Output the entries below unchanged, except for the pictures.

INFORMATION:

══════

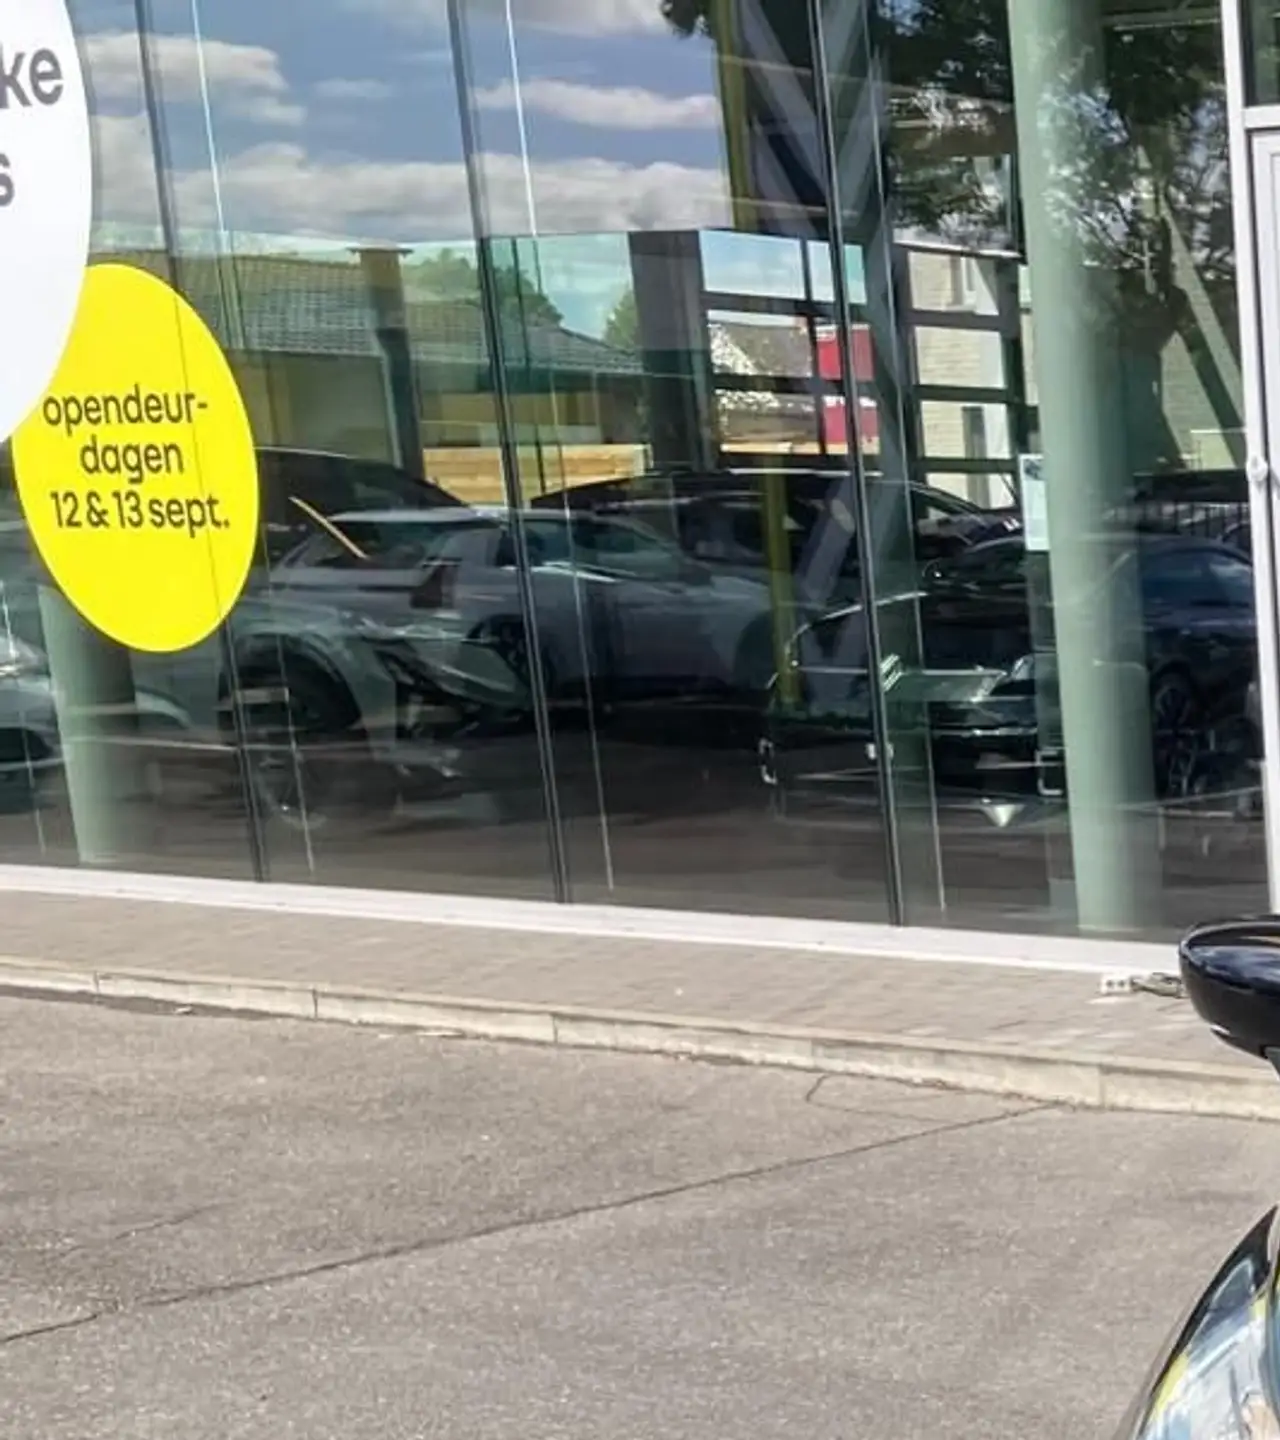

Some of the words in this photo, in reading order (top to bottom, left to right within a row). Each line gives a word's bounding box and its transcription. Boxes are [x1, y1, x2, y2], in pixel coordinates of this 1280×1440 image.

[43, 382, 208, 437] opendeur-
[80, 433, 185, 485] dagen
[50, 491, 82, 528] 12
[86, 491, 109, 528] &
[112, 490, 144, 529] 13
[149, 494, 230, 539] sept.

══════

OUTPUT OF THE TASK:
Some of the words in this photo, in reading order (top to bottom, left to right within a row). Each line gives a word's bounding box and its transcription. Boxes are [x1, y1, x2, y2], in pixel coordinates of this 1280×1440 image.

[43, 382, 208, 437] opendeur-
[80, 433, 185, 485] dagen
[50, 491, 82, 528] 12
[86, 491, 109, 528] &
[112, 490, 144, 529] 13
[149, 494, 230, 539] sept.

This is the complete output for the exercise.